Lessons in Bird Hunting
I have two beautiful bird dogs, Sage and Cash. Sage is a white Setter, and Cash is a tri-color Brittany with big liver-colored spots. During the off season they lay around the house, lazily propping their chins on each other’s hind quarters, occasionally yawning or grunting in domestic bliss. You’d never know these dogs love to hunt. Each October at the beginning of bird season, we do a little hunting near Columbus, Texas, about 90 minutes west of Houston. Needless to say, the weather is still warm in southeast Texas at that time of year. After an hour or so of running full out in the field, the dogs begin to melt under the hot sun. They get thirsty and fatigued and need frequent breaks for water and rest.

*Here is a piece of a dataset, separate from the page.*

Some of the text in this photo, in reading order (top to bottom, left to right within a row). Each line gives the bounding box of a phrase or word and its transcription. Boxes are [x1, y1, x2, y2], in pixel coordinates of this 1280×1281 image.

By the end of the second hour, their noses stop working, and they lose interest altogether. During the first hour, they range 20 yards in front of me, criss-crossing back and forth in a graceful ballet, greedily covering the terrain before them. By the second hour, they no longer work as a synchronized team and slow to a labored saunter, just under my feet. “Hunt ’em up! Bird in here!” I call. No response. All I can do is watch them with their sorry heads hung low, paunches swaying back and forth as they shuffle along, eyes bloodshot, tongues drooping. I nudge Cash with one of my boots and he just collapses on the ground. Sage follows suit. It’s pretty sad. The hunt is over. They have nothing left, and it is only mid morning.

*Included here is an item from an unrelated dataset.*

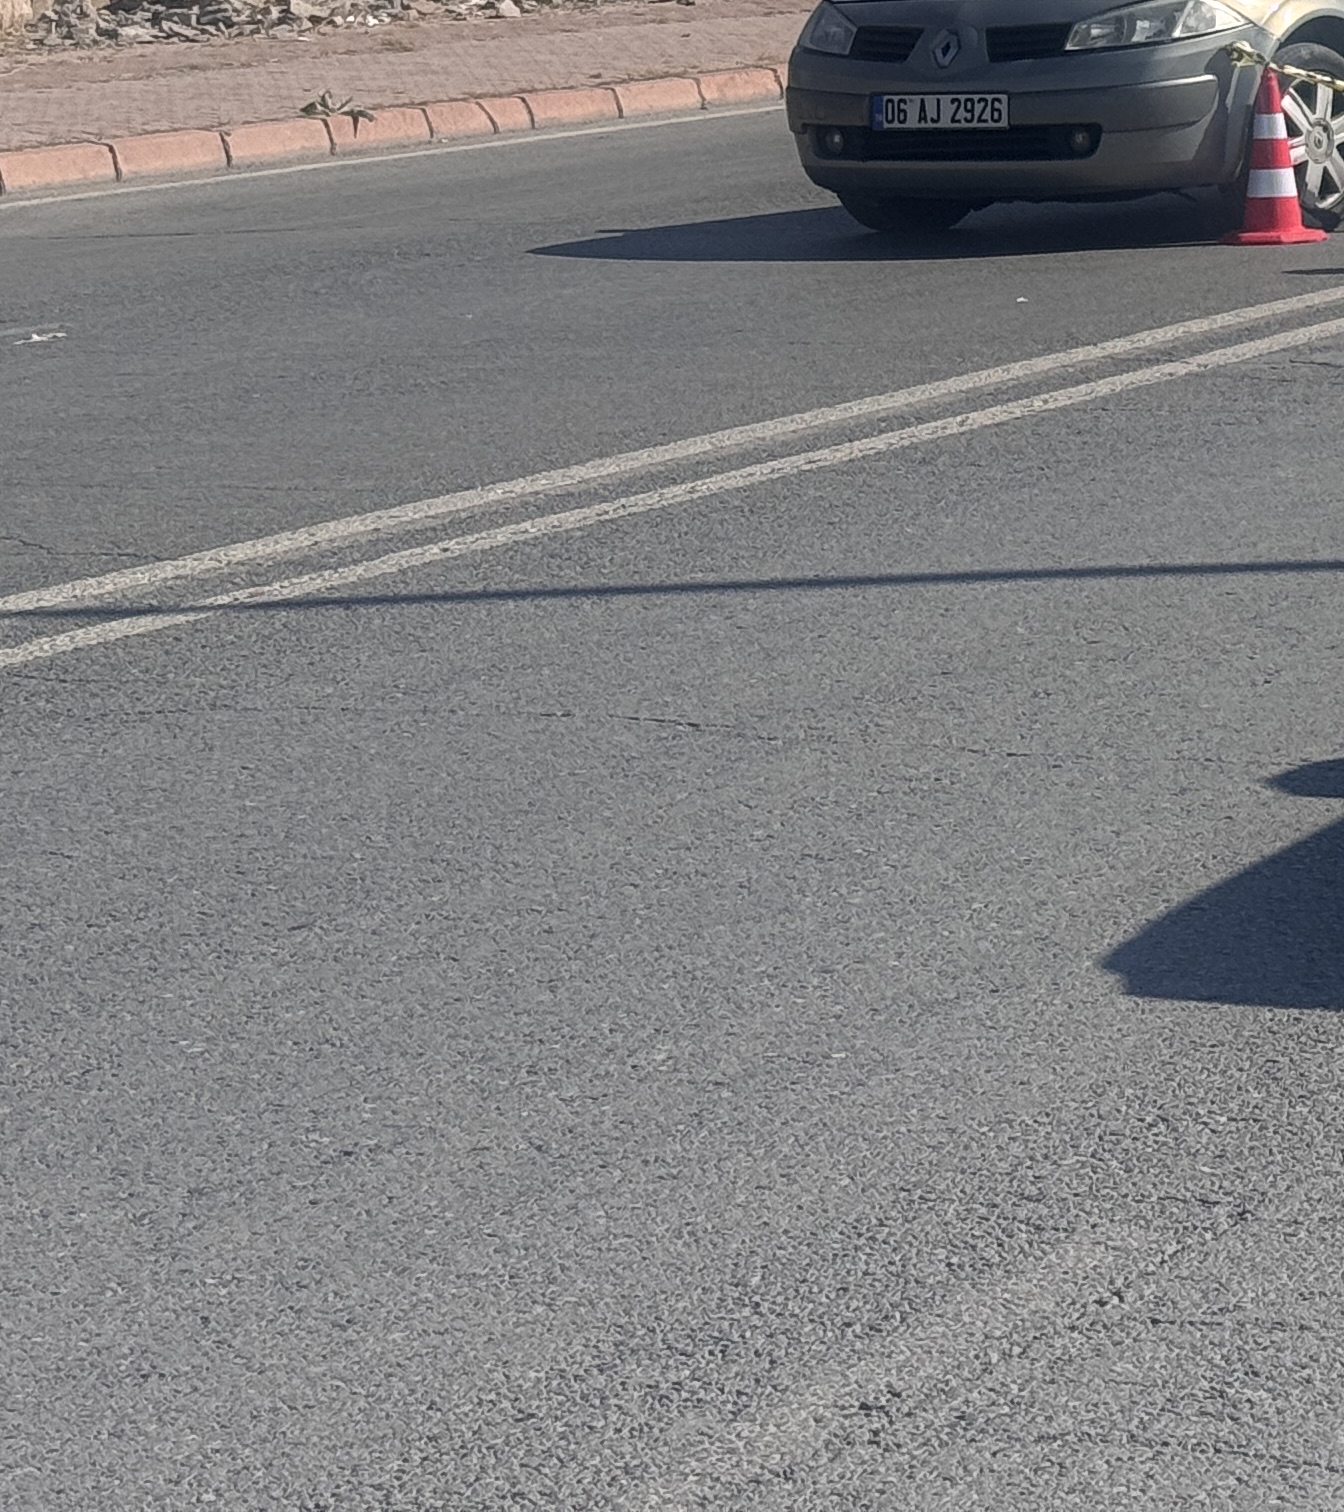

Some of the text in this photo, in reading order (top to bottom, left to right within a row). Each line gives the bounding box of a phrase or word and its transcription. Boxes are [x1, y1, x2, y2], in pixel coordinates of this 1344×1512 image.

What happened to those maniacal ornithophiles from the end of last season, when the temperature in north central Kansas was a cool 20 degrees, and they were hunting birds like heat-sinking missiles? They were so into their work that I had to constantly give the “Whoa” command to keep them from breaking their points and flushing birds, or even catching birds outright. Now, under the hot Texas sun, I can’t get them to respond. As we say in Texas, “That dog won’t hunt.” Trying to get them to do anything at this point would be like pushing a wet noodle up hill. It can be pretty frustrating trying to get someone to do something that just isn’t in them. The problem is that, for early season bird hunting in southeast Texas, I should not be using a Setter and a Brittany. Instead, I should be using a couple of Pointers. Pointers are built for the hot weather with their lean, short-haired bodies and all-day stamina. I am simply working with the wrong staff. I prefer to work with a team that I have to reign in rather than push. In other words, I’d rather say “Whoa” than “Go.”
Admiring Your Staff
If you don’t admire them, you have the wrong staff. If you can’t honestly boast about their abilities, temperament, and accomplishments, you need to make some changes, right now. Staff fall into several categories. You have the hapless and inept, who don’t know how bad they are. You have the brown-noser do-nothings, who do know how bad they are, but think you don’t. You have the mumbling martyrs, who aren’t as good as they think they are, and who constantly break the rules, but are sure they’re always doing you a favor in the process. You have the competent plodders, who don’t know how good they could be if they just had a little drive and ambition. And then, you have the smooth operators. These are the people who know how good they are. They’ve got moxie. They understand the system and make it work for them and your practice. Think “Radar,” from M*A*S*H. They anticipate all your moves, solve problems before you know they exist, keep you informed and on task, never make excuses, own their mistakes, and have your back. You need an office full of these people. Sit down right now and draw up a list of your staff members. Assign each of them one of the above categories. Any staffer that doesn’t rate smooth operator, or can’t become one in a couple of months, has to go.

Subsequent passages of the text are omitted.